2. Divers rites dans l’Église
Par la sainte
liturgie, l’Église célèbre les mystères du Christ à l’aide de signes, symboles,
gestes, mouvements, éléments matériels et paroles. Dans notre réflexion, nous
nous concentrerons sur les paroles utilisées dans le culte divin du rite romain
ou latin. Les éléments-clés de la sainte liturgie, les sept sacrements, nous
viennent de notre Seigneur Jésus Christ lui-même. À mesure que l’Église s’est
répandue et a grandi parmi les différents peuples et cultures, diverses façons
de célébrer les mystères du Christ se sont développées. On peut distinguer
quatre rites originaires : antiochien, alexandrin, romain et gallican. Ceux-ci
ont donné naissance à d’autres rites principaux dans l’Église catholique d’aujourd’hui
: dans l’Église latine prédomine le rite romain, et dans les Églises
orientales, nous trouvons les rites byzantin, arménien, chaldéen, copte,
éthiopien, malabar, maronite et syrien.

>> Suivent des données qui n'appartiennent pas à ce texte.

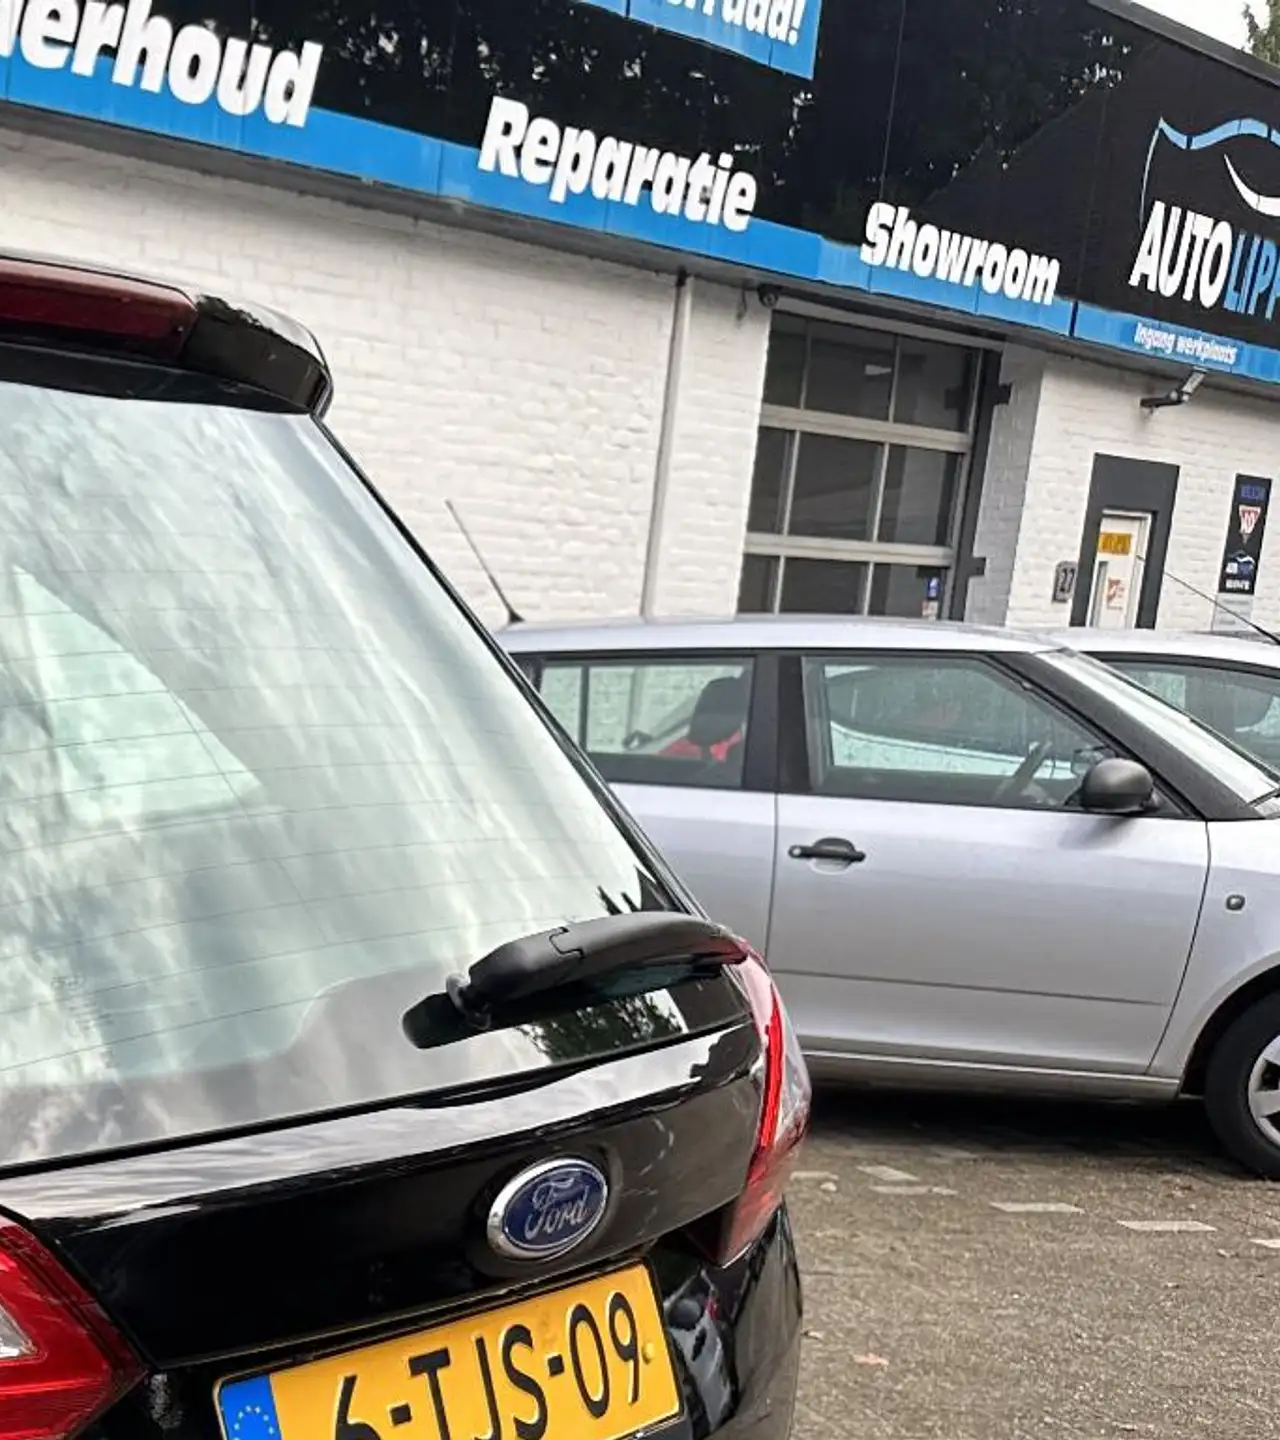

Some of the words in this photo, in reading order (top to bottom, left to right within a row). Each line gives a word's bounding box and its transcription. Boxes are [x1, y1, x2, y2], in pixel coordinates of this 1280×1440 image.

[478, 95, 757, 232] Reparatie
[860, 202, 1060, 305] Showroom
[524, 1176, 590, 1240] Ford

Chacun de ces « rites » est un mélange
de liturgie, théologie, spiritualité et droit canonique. Les caractéristiques
fondamentales de chaque rite remontent aux premiers siècles de notre ère, leurs
traits essentiels à la période apostolique, ou même au temps de notre Seigneur.
Le rite romain,
qui fait l’objet de notre réflexion, est depuis les temps modernes, comme nous
l’avons vu, l’expression liturgique prédominante de la culture ecclésiastique
que nous appelons rite latin. Comme vous le savez, dans l’archidiocèse de Milan
est en usage un « rite frère » qui a pris le nom de saint Ambroise, le grand
Évêque de Milan : c’est le rite ambrosien. En Espagne, en certains lieux et en
certaines occasions spéciales, la liturgie est célébrée selon un ancien rite
hispanique ou mozambiquien. Ce sont là deux vénérables exceptions dont nous ne
nous occuperons pas ici.
À l’origine,
l’Église de Rome utilisait le grec. Ce n’est que progressivement que le latin a
été introduit, jusqu’à la latinisation définitive de l’Église de Rome au IVe
siècle (cf. A.G. Martimort, L’Église en prière, Desclée 1983).
Le rite romain
s’est largement répandu dans ce que nous appelons aujourd’hui l’Europe
occidentale et dans les continents qui ont été évangélisés en grande partie par
des missionnaires européens : Asie, Afrique, Amérique et Océanie. Aujourd’hui,
en raison de la circulation plus facile des personnes, on trouve dans tous ces
continents des catholiques d’autres rites (appelés en général Églises
orientales).
La plupart de ces
rites possèdent une langue originale, qui donne à chaque rite son identité
historique. Le rite romain a le latin comme langue officielle. À ce jour, les
éditions typiques de ses livres liturgiques ont toujours paru en latin.
Il est à noter
que beaucoup de religions du monde, ou leurs ramifications principales, ont une
langue qui leur est chère. On ne peut pas penser à la religion judaïque sans
penser à l’hébreu. Pour l’islam, la langue sacrée est l’arabe du Coran.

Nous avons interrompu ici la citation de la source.